The super PACs operating in the GOP primary have managed to delay disclosing their donors until next month, but the identities of who funded these groups will be public. Groups in a different category — those that don’t ever disclose donors — haven’t started operating in any prominent way, but you can be sure they will in the fall.
To learn about what’s going on, I spoke to Fred Wertheimer, the founder and president of Democracy 21, who has been working on campaign finance issues for more than three decades.
Huffington Post is reporting that a campaign finance bill is in the works in Congress – something similar to the DISCLOSE Act of 2010 — and that you worked on the bill. What can we expect from this effort by the Democrats?
It is designed to solve a series of problems. First of all, we had more than $135 million in secret contributions injected into the 2010 congressional races through tax-exempt groups that don’t disclose their donors. These are the 501(c)(4) advocacy groups and the 501(c)(6) business associations. This legislation, like the DISCLOSE Act, will ensure that donors giving money to groups that are spending it to influence elections are disclosed.

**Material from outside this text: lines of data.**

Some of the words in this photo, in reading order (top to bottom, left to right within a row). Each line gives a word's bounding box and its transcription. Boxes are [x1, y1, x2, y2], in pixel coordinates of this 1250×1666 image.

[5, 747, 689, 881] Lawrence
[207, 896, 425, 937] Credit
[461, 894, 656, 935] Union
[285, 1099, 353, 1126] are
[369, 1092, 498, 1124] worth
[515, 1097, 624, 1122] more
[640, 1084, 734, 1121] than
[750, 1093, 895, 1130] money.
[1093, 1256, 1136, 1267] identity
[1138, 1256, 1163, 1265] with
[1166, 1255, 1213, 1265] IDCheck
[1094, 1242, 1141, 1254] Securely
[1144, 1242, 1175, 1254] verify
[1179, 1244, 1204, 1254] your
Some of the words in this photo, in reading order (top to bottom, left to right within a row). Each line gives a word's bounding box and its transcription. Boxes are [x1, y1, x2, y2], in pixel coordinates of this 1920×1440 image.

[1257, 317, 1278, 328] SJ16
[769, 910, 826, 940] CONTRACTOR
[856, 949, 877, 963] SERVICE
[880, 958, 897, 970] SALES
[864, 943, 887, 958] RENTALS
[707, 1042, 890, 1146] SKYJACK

Second, we’ve had a serious problem with disclosure of super PACs in this election. From July 1 of last year to date, we’ve had no disclosure of the donors financing the super PACs and will not get any information until early February. That means we’ve had a number of very important primary and caucus contests with voters having no idea who is putting up millions of dollars that are spent to influence their votes. All of those disclosures will come in early February, after critical contests are already over. The legislation will fix the problems that have been created by untimely disclosure by super PACs in the 2012 presidential primary elections.

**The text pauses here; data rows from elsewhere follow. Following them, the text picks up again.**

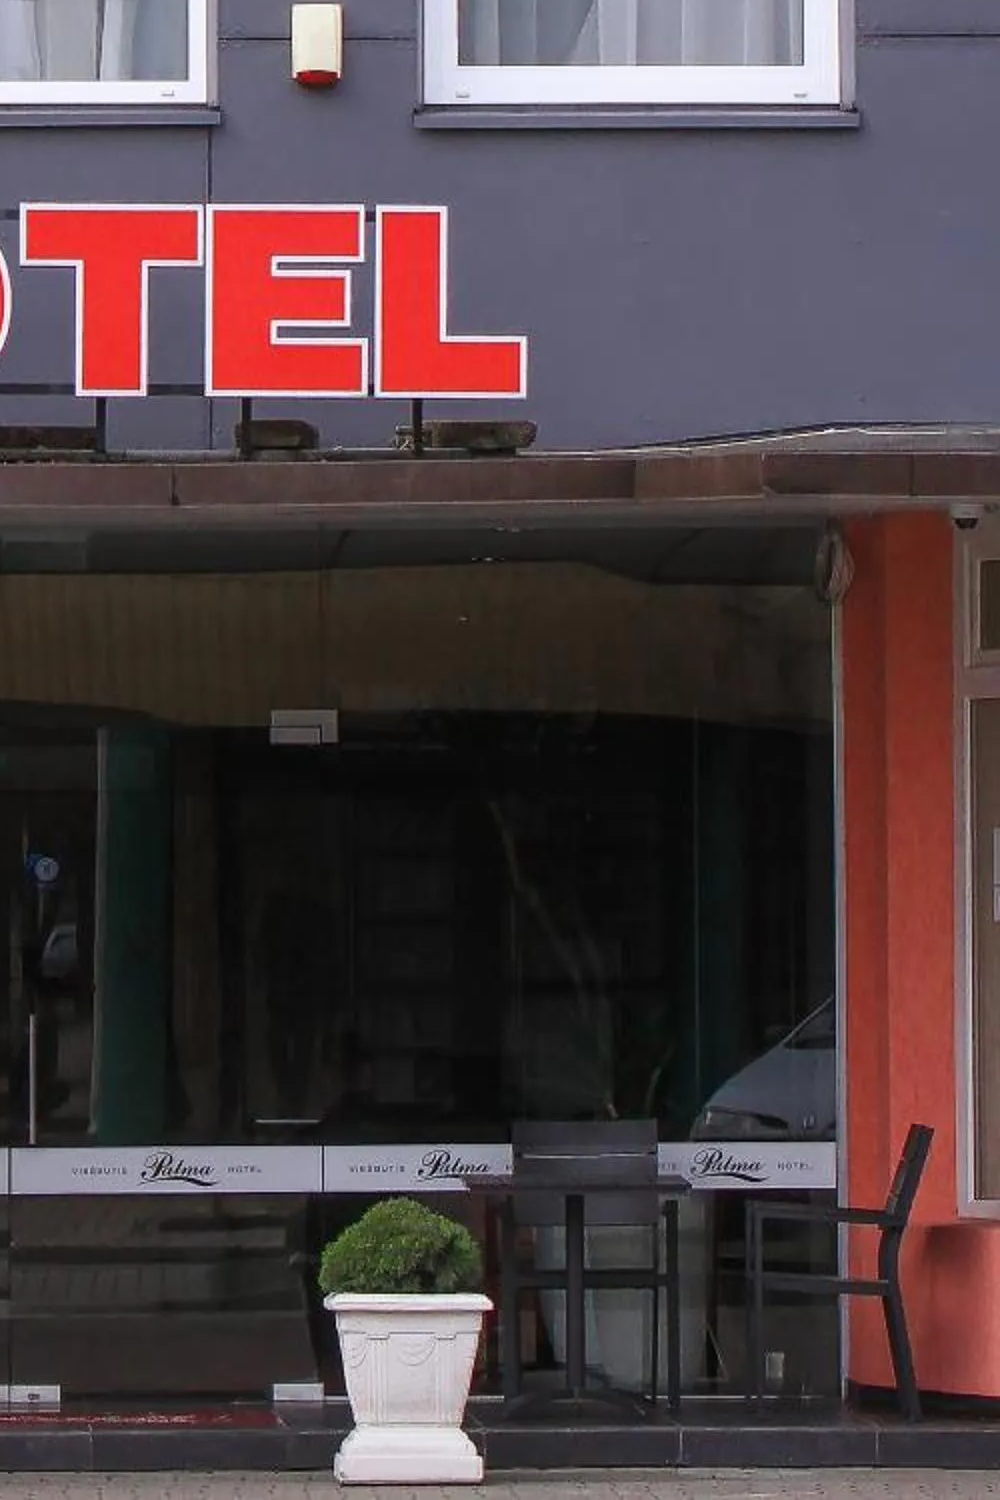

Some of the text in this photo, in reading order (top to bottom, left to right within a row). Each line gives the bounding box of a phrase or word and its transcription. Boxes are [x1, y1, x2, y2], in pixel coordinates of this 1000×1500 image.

[139, 1151, 217, 1186] Palma
[227, 1165, 263, 1174] HOTEL
[417, 1150, 490, 1181] Palma
[690, 1148, 769, 1182] Palma
[777, 1161, 814, 1171] HOTEL

Third, it will require candidate-specific super PACs to have an official take responsibility for their ads and require the ads to list the top donors to the super PAC.
With the DISCLOSE Act in 2010, it passed the House and fell one vote short of overcoming a filibuster in the Senate. What are the prospects for this new bill once it gets introduced?

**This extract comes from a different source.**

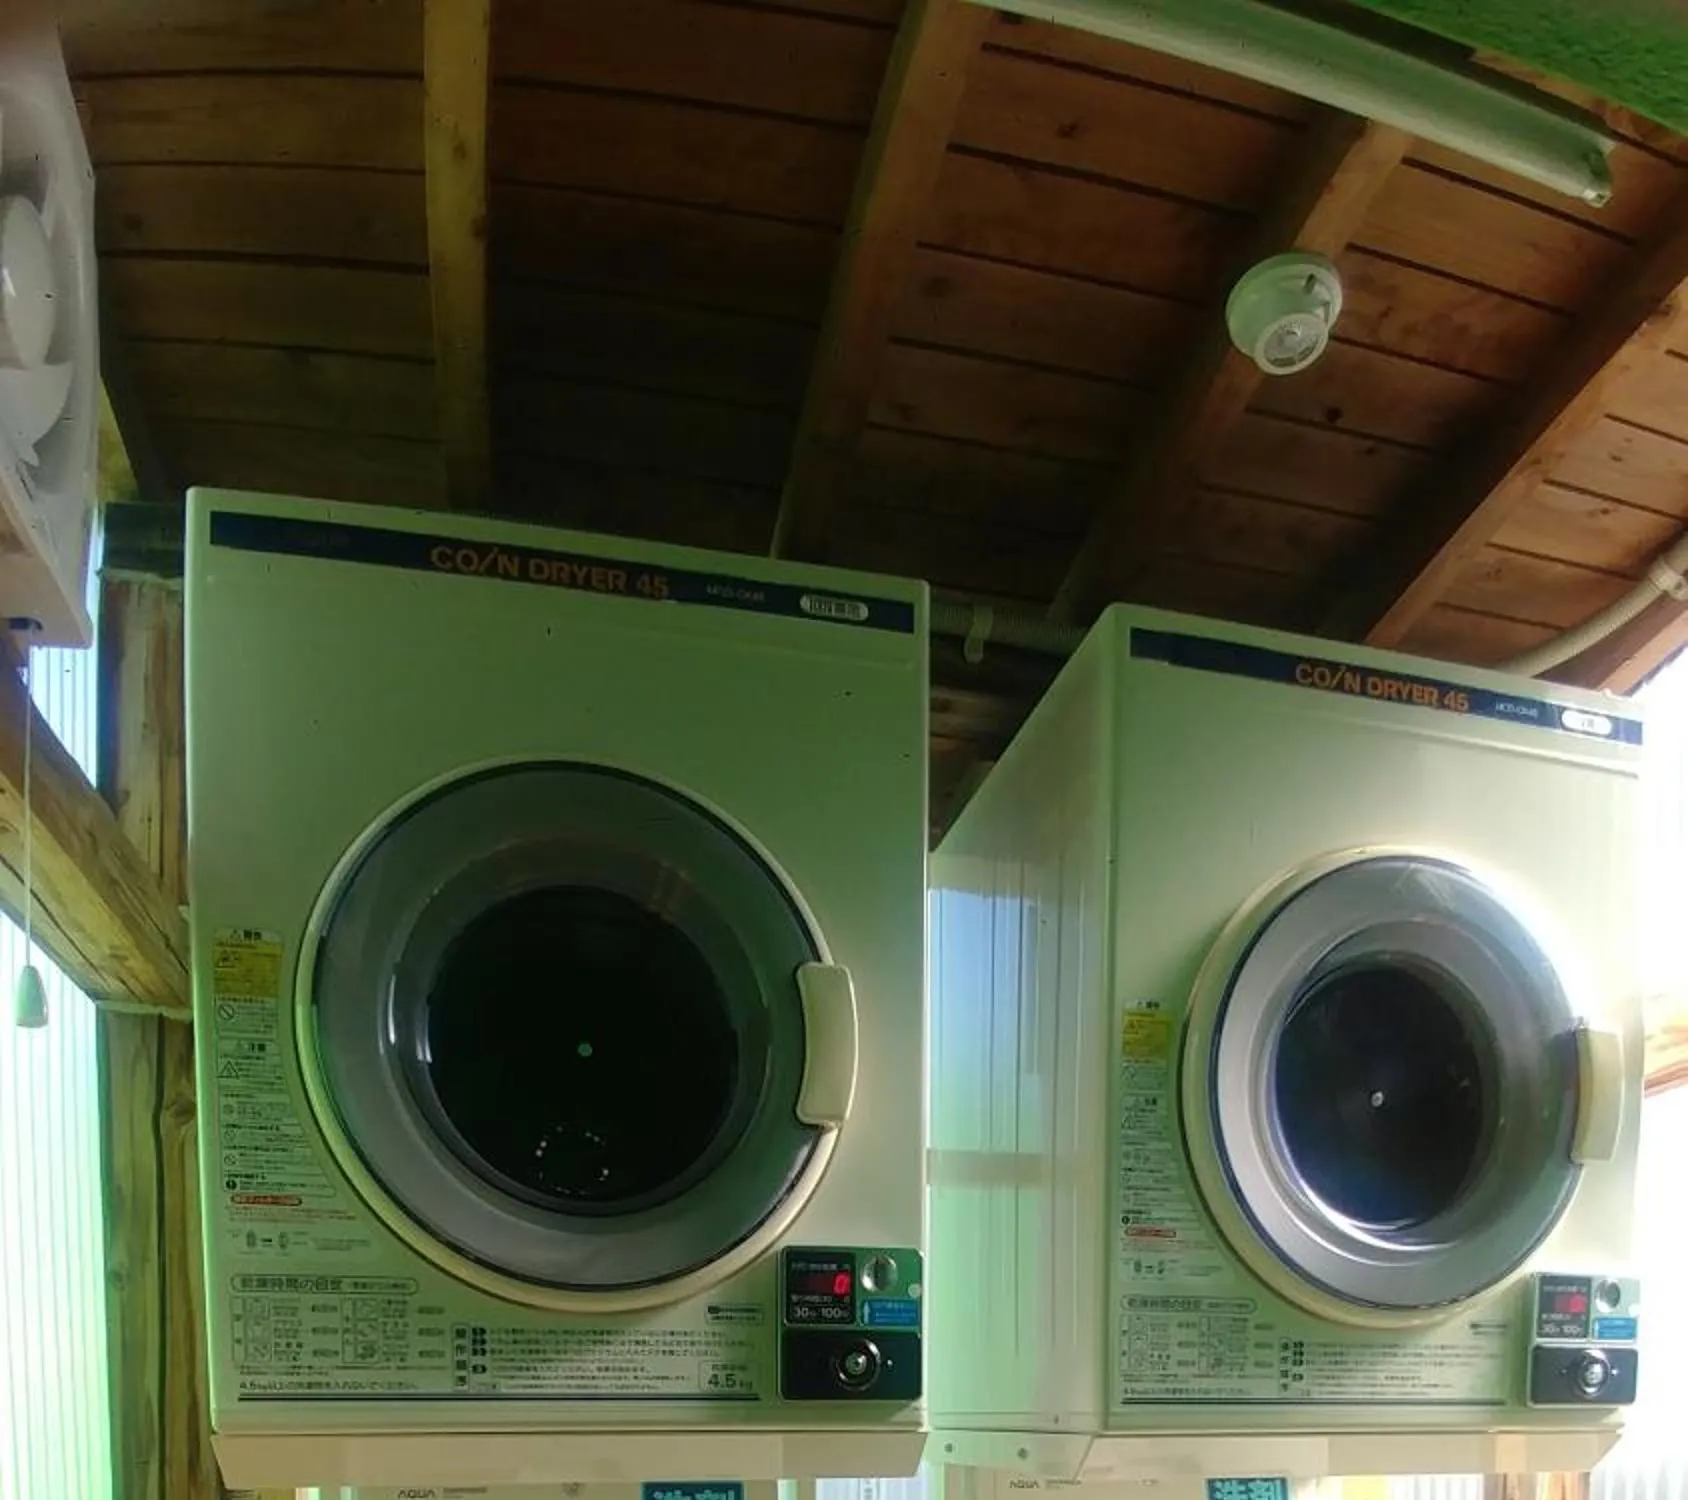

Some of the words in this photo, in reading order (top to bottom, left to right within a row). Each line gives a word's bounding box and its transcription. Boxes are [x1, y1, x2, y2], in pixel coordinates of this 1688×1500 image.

The legislation this time will only have disclosure provisions and will not include a number of the nondisclosure provisions that were in the bill in the last Congress and that drew various arguments by opponents who were in fact opposed to disclosure. So this is a powerful bill that is very hard to oppose on any kind of merit argument. It is focused only on disclosure, and it solves serious problems with disclosure by nonprofit groups and by super PACs which are playing such a major role in the elections. It’s going to be very hard to come up with arguments for voting against the bill. That’s not going to alone decide the battle, but it will focus the issue on basically one proposition: Should contributions being spent to influence elections be kept secret from the voters? Or do voters have a public right to know who is funding ads being run to influence their votes? We got a whole lot of arguments from opponents last time that didn’t address that basic question and had nothing to do with disclosure.
Last time, all the Democrats in the Senate voted to break a filibuster but we couldn’t get any Republicans. Democracy 21 and a number of other reform groups are going to work very hard to convince Republicans to vote for the new disclosure bill this time. Republicans traditionally have supported disclosure legislation, up until 2010 when politics took over. I’m not predicting what’s going to happen here, except to say that we have a stronger bill and a different dynamic this year with super PACs and the problems they have created front and center in the public’s mind.